Adjunct medicines should not be added without medical advice. Their role depends on diagnosis and test results.

Common medical uses

Fertility medications may be used for several different treatment goals.

Ovulatory dysfunction

Ovulatory dysfunction means ovulation is irregular or absent. Medicines such as clomifene, aromatase inhibitors, or gonadotropins may be considered depending on the diagnosis and local practice.

PCOS is one common cause of ovulatory dysfunction, but it is not the only cause. Thyroid disease, high prolactin, low body weight, stress, premature ovarian insufficiency, and other endocrine problems may also affect ovulation.

Assisted reproductive technology

In IVF, injectable medicines are often used to stimulate the ovaries to develop multiple follicles. The aim is to retrieve eggs for fertilisation in a laboratory.

This process is called controlled ovarian stimulation. It requires close monitoring because too little response may reduce the chance of retrieving eggs, while excessive response can increase the risk of complications.

IUI and timed intercourse cycles

Some patients use fertility medicines with timed intercourse or intrauterine insemination. In these cycles, the goal may be to support the development of one or a small number of follicles.

Monitoring is still important because producing too many follicles can increase the risk of multiple pregnancy.

Luteal phase support

Progesterone may be used when luteal support is needed after ovulation, egg retrieval, or embryo transfer. This is especially common in IVF protocols.

The need for luteal support depends on the treatment type and clinic protocol.

Why monitoring matters

Fertility medicines can produce different responses in different patients.
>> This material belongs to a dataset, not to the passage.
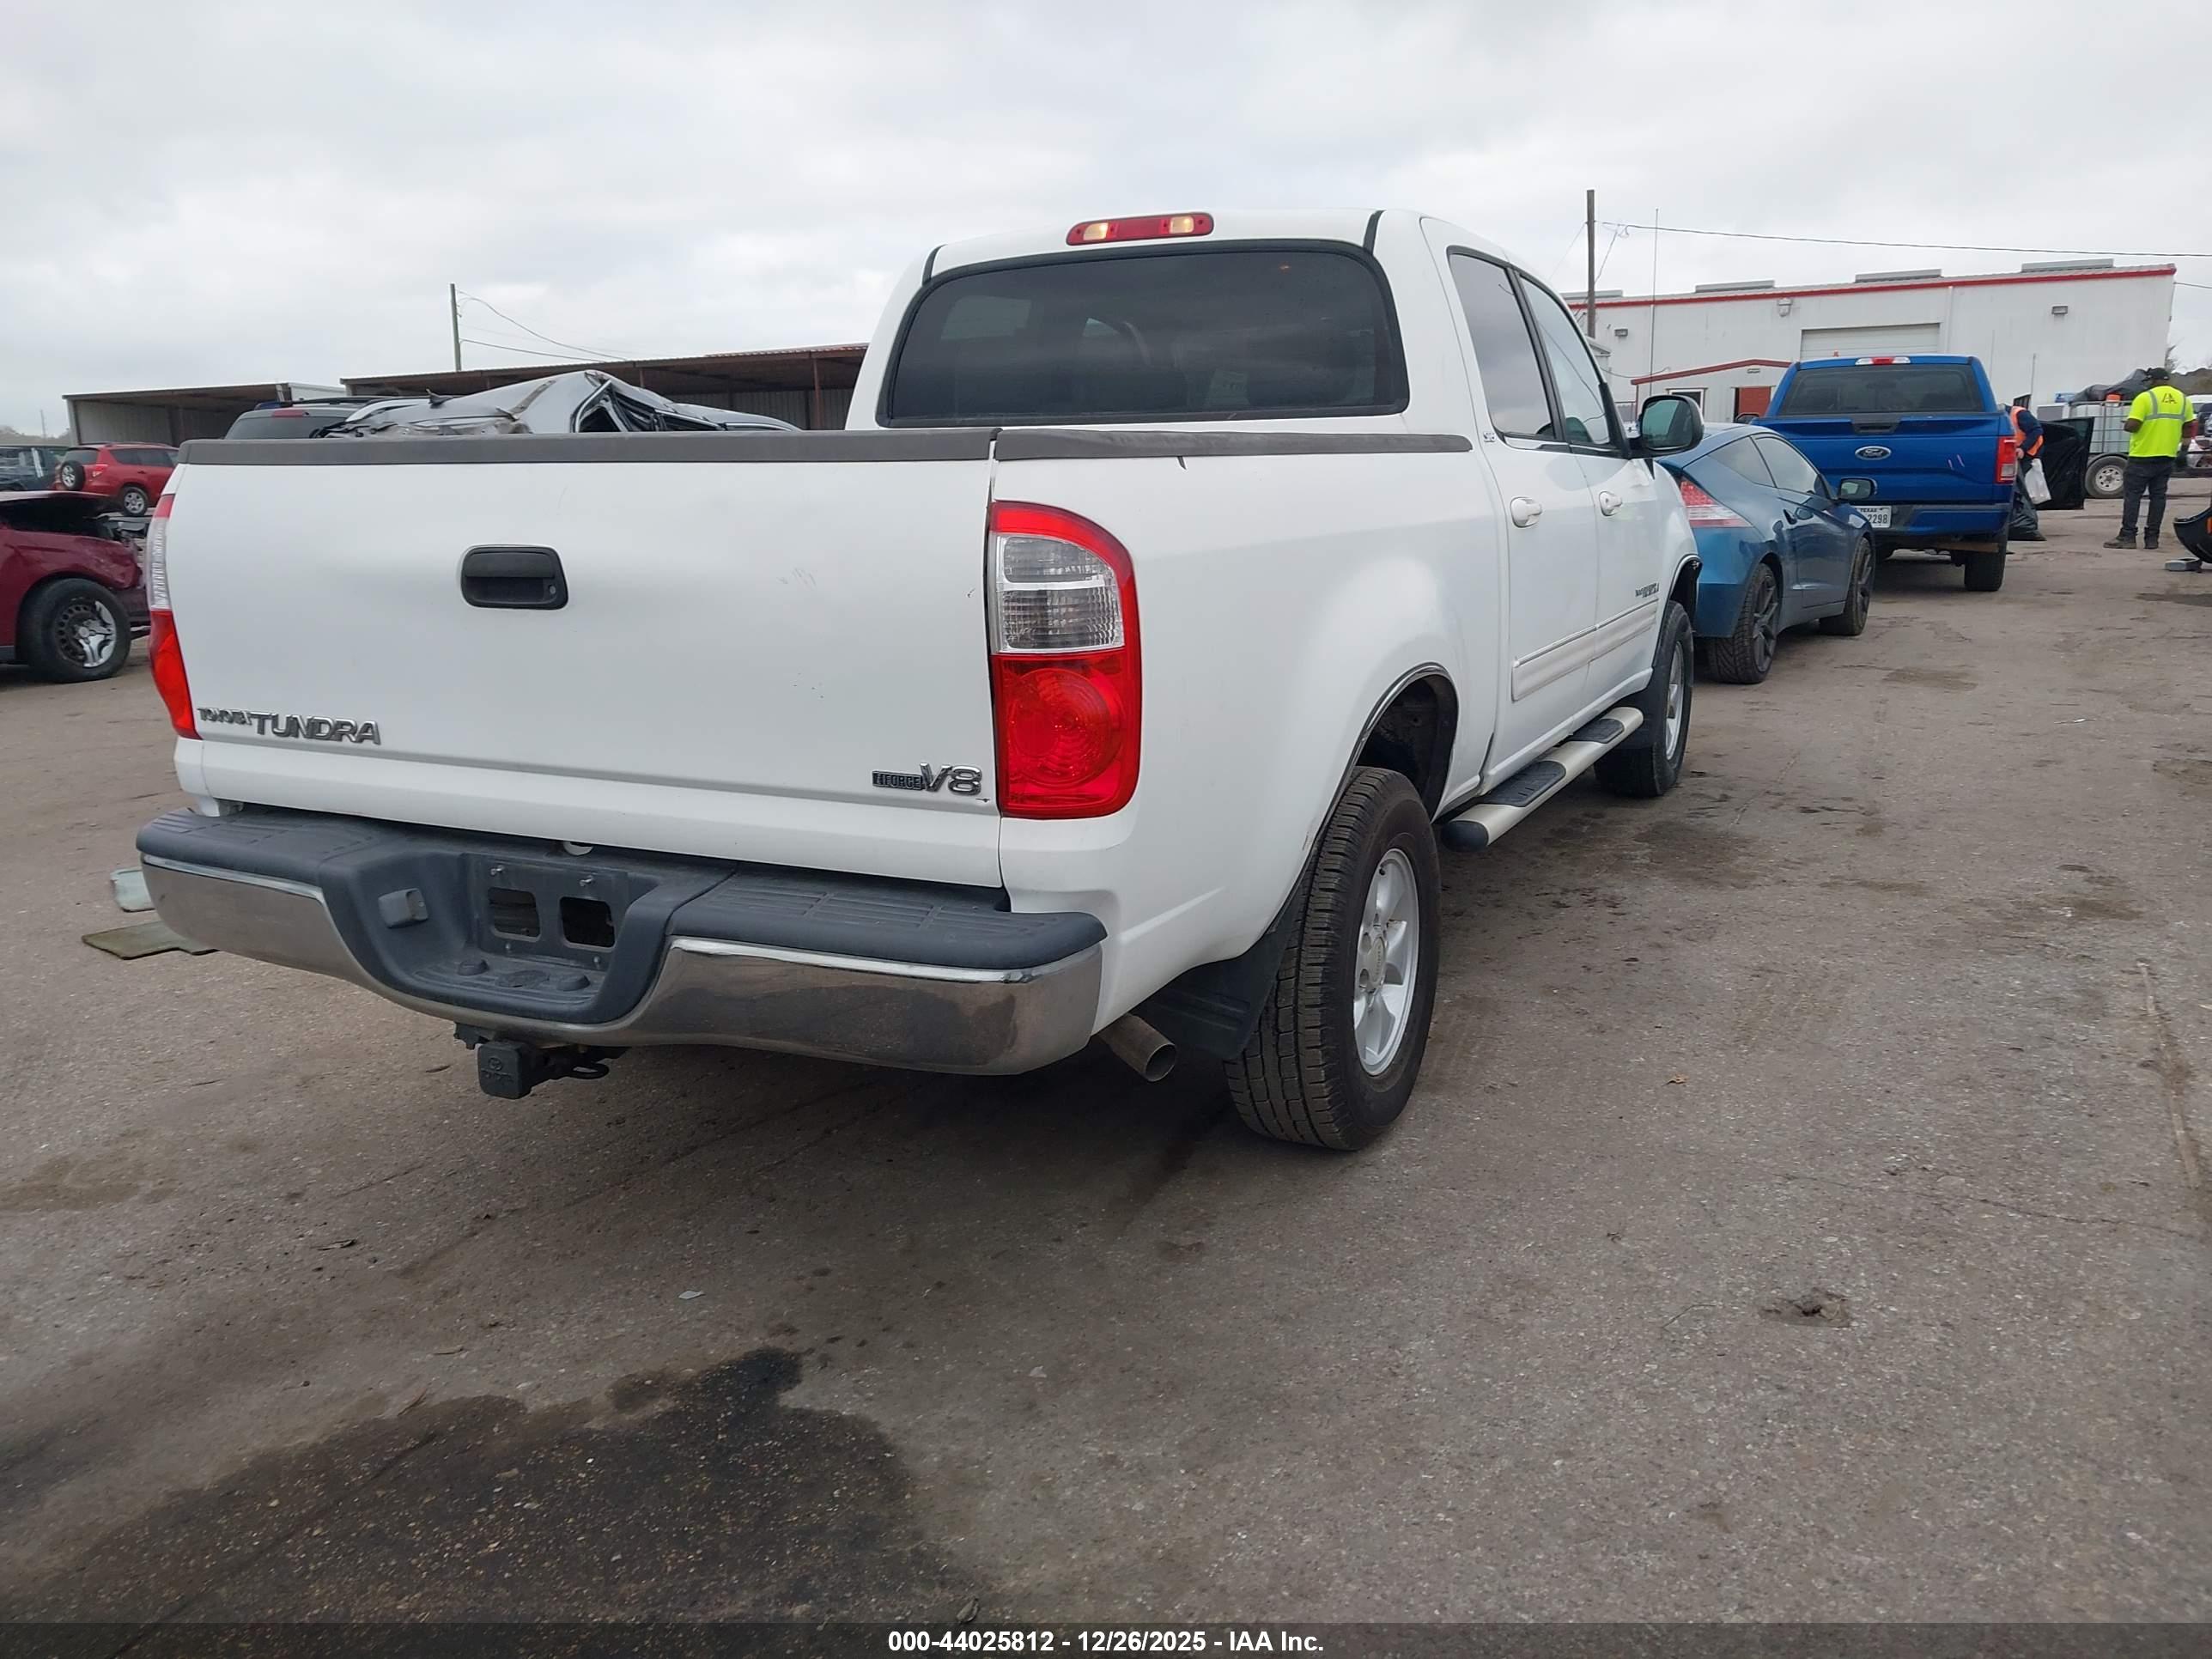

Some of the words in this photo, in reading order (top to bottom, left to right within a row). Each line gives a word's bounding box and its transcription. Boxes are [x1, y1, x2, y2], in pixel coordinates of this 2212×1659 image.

[198, 708, 252, 726] TOYOTA
[249, 711, 382, 744] TUNDRA
[921, 763, 982, 796] V8
Two patients taking the same medicine may have very different follicle growth, hormone levels, side effects, and risks.

Monitoring may include:

  • transvaginal ultrasound to count and measure follicles;
  • blood tests, including estradiol and sometimes LH or progesterone;
  • review of symptoms;
  • adjustment of medicine dose;
  • cancellation or conversion of a cycle if the response is unsafe.

Monitoring is not only about improving pregnancy chances. It is also a safety measure.

Ovarian hyperstimulation syndrome

Ovarian hyperstimulation syndrome, or OHSS, is an excessive response to ovarian stimulation. It is most commonly associated with injectable gonadotropins, although risk varies by patient and protocol.

OHSS can cause enlarged ovaries, abdominal bloating, pain, nausea, vomiting, rapid weight gain, and fluid shifts. Severe OHSS can involve dehydration, blood clot risk, kidney problems, fluid in the abdomen or chest, and hospital care.

Patients should contact their clinic urgently if they develop concerning symptoms after fertility treatment, especially severe abdominal pain, breathing difficulty, faintness, rapid weight gain, reduced urination, persistent vomiting, or significant abdominal swelling.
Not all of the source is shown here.